ASSIGNED TASK:
Copy every line below precisely as it appears.

Data items:
· · ·

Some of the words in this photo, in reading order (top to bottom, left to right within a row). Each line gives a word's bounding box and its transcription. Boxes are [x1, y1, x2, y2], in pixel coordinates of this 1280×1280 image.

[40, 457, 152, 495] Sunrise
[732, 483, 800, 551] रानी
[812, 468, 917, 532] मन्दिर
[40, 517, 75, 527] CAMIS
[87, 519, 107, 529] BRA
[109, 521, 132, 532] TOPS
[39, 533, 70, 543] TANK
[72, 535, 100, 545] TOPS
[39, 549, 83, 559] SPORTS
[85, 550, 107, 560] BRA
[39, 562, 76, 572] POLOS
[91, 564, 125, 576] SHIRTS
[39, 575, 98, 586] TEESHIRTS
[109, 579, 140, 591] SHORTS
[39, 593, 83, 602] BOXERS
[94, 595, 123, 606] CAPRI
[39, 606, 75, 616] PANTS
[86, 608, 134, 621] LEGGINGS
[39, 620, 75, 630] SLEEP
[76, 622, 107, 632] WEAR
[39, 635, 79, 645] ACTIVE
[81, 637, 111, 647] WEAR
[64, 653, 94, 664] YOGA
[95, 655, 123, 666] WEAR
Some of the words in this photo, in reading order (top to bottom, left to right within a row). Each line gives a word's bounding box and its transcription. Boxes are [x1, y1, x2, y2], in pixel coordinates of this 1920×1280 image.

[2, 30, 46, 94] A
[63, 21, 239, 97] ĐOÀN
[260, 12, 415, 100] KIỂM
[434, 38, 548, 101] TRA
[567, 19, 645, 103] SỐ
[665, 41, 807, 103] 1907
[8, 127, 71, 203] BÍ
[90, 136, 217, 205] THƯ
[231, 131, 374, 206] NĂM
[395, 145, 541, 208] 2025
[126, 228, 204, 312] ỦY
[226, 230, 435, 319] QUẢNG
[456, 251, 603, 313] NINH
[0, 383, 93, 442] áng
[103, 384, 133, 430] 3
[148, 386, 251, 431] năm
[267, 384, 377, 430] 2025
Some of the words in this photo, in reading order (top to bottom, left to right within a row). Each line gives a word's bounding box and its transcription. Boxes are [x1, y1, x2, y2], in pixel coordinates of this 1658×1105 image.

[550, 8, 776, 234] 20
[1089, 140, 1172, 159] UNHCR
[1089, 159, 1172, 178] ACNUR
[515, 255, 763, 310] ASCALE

· · ·

SOLUTION FOR THIS TASK:
Some of the words in this photo, in reading order (top to bottom, left to right within a row). Each line gives a word's bounding box and its transcription. Boxes are [x1, y1, x2, y2], in pixel coordinates of this 1280×1280 image.

[40, 457, 152, 495] Sunrise
[732, 483, 800, 551] रानी
[812, 468, 917, 532] मन्दिर
[40, 517, 75, 527] CAMIS
[87, 519, 107, 529] BRA
[109, 521, 132, 532] TOPS
[39, 533, 70, 543] TANK
[72, 535, 100, 545] TOPS
[39, 549, 83, 559] SPORTS
[85, 550, 107, 560] BRA
[39, 562, 76, 572] POLOS
[91, 564, 125, 576] SHIRTS
[39, 575, 98, 586] TEESHIRTS
[109, 579, 140, 591] SHORTS
[39, 593, 83, 602] BOXERS
[94, 595, 123, 606] CAPRI
[39, 606, 75, 616] PANTS
[86, 608, 134, 621] LEGGINGS
[39, 620, 75, 630] SLEEP
[76, 622, 107, 632] WEAR
[39, 635, 79, 645] ACTIVE
[81, 637, 111, 647] WEAR
[64, 653, 94, 664] YOGA
[95, 655, 123, 666] WEAR
Some of the words in this photo, in reading order (top to bottom, left to right within a row). Each line gives a word's bounding box and its transcription. Boxes are [x1, y1, x2, y2], in pixel coordinates of this 1920×1280 image.

[2, 30, 46, 94] A
[63, 21, 239, 97] ĐOÀN
[260, 12, 415, 100] KIỂM
[434, 38, 548, 101] TRA
[567, 19, 645, 103] SỐ
[665, 41, 807, 103] 1907
[8, 127, 71, 203] BÍ
[90, 136, 217, 205] THƯ
[231, 131, 374, 206] NĂM
[395, 145, 541, 208] 2025
[126, 228, 204, 312] ỦY
[226, 230, 435, 319] QUẢNG
[456, 251, 603, 313] NINH
[0, 383, 93, 442] áng
[103, 384, 133, 430] 3
[148, 386, 251, 431] năm
[267, 384, 377, 430] 2025
Some of the words in this photo, in reading order (top to bottom, left to right within a row). Each line gives a word's bounding box and its transcription. Boxes are [x1, y1, x2, y2], in pixel coordinates of this 1658×1105 image.

[550, 8, 776, 234] 20
[1089, 140, 1172, 159] UNHCR
[1089, 159, 1172, 178] ACNUR
[515, 255, 763, 310] ASCALE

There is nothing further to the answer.